There are also the relatable expressions of whimsical frustration, as in the synth organ– and dance piano–laden "I Didn't Just Come Here to Dance" (about that unrelenting need to be noticed out there on the dance floor) and “Beach House” (the annoyances of online dating in your thirties).
These aren't just feelings of a passing age either. The So Nice Tour is in support of her upcoming sixth studio album, "The Loneliest Time." As the title suggests, this was a creation borne of COVID-19 lockdowns. Its singles — all performed on tour — are an ode to California Love (“Western Wind”) and a cheeky despair for the annoyances of swiping for love (the aforementioned “Beach House”). A third ("Talking To Yourself") wonders just how heavy the singer weighs on the mind of an ex, and is more than a little reminiscent of fellow Canadian Alanis Morissette's "You Oughta Know."
I never attended a mid-'90s Morissette concert, but I have a hard time imagining its atmosphere could match the insouciant innocence of a Carly Rae Jepsen live set.

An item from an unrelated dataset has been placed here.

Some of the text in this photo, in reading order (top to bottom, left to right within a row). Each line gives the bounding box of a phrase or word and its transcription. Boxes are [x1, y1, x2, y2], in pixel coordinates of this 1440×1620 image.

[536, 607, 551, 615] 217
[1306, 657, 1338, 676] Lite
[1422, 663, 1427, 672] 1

A lack of masks, public health risks aside, allowed for a full view of visages of excitement. Concertgoers bonded, inviting strangers into their tight circles to dance and hug and reminisce about Jepsen-related musical memories. This was a crowd of 30-somethings that were behaving like high school juniors — a comparison that's impossible to escape considering I saw Olivia Rodrigo play the same venue just a few months prior.
But that's not to suggest an immaturity on the audience's part. Jepsen's music projects a self-awareness to the nth degree. Her lyrics tempt nostalgia for a bliss that may only exist in your imagination. They allow you to reconstruct your past as a Disney Channel original movie, and invite you to reflect on the most intense crushes and hopes of your youth. It doesn't matter if weekends weren't spent at the beach, or if you didn't share a first kiss at the homecoming dance, or if you couldn't savor the cool of an ice cream cone because of a reactionary intolerance to lactose. Listening to her music allows these memories to exist by proxy. Jepsen isn't creating a vicarious experience for you, the fan. She is allowing us to reimagine — albeit briefly — our own past, with a verisimilitude of goodness that we may or may not have ever known.

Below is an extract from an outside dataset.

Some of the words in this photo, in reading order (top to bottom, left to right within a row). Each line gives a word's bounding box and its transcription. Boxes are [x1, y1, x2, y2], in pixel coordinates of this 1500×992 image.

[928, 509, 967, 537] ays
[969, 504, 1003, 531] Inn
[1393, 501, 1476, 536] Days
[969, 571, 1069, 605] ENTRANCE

"The Moon ... is a reminder to us, in its constancy," said Jepsen in an Instagram post, "that even when we are having the loneliest time, we are never really alone." The So Nice Tour leans heavily into that lunar imagery — a moon with humanoid features and named the Ambassador of Love welcomes you to the concert. The ambassador offers words of encouragement, and reminders that every person is worthy of celebration. During a brief instrumental interlude for Jespen's costume change, the ambassador reintroduced the singer, making it clear that "I really, really, really, really, really like you."
This isn't musical "Bildungsroman." Jepsen’s music begs you to look for the innocence you forgot to pack when you gathered your strength and hauled new baggage into adulthood. In a room with her, cynicism is stripped of its appeal. The world didn't make you that way — people did. And once those numbed feelings are found, what could you do with all that emotion?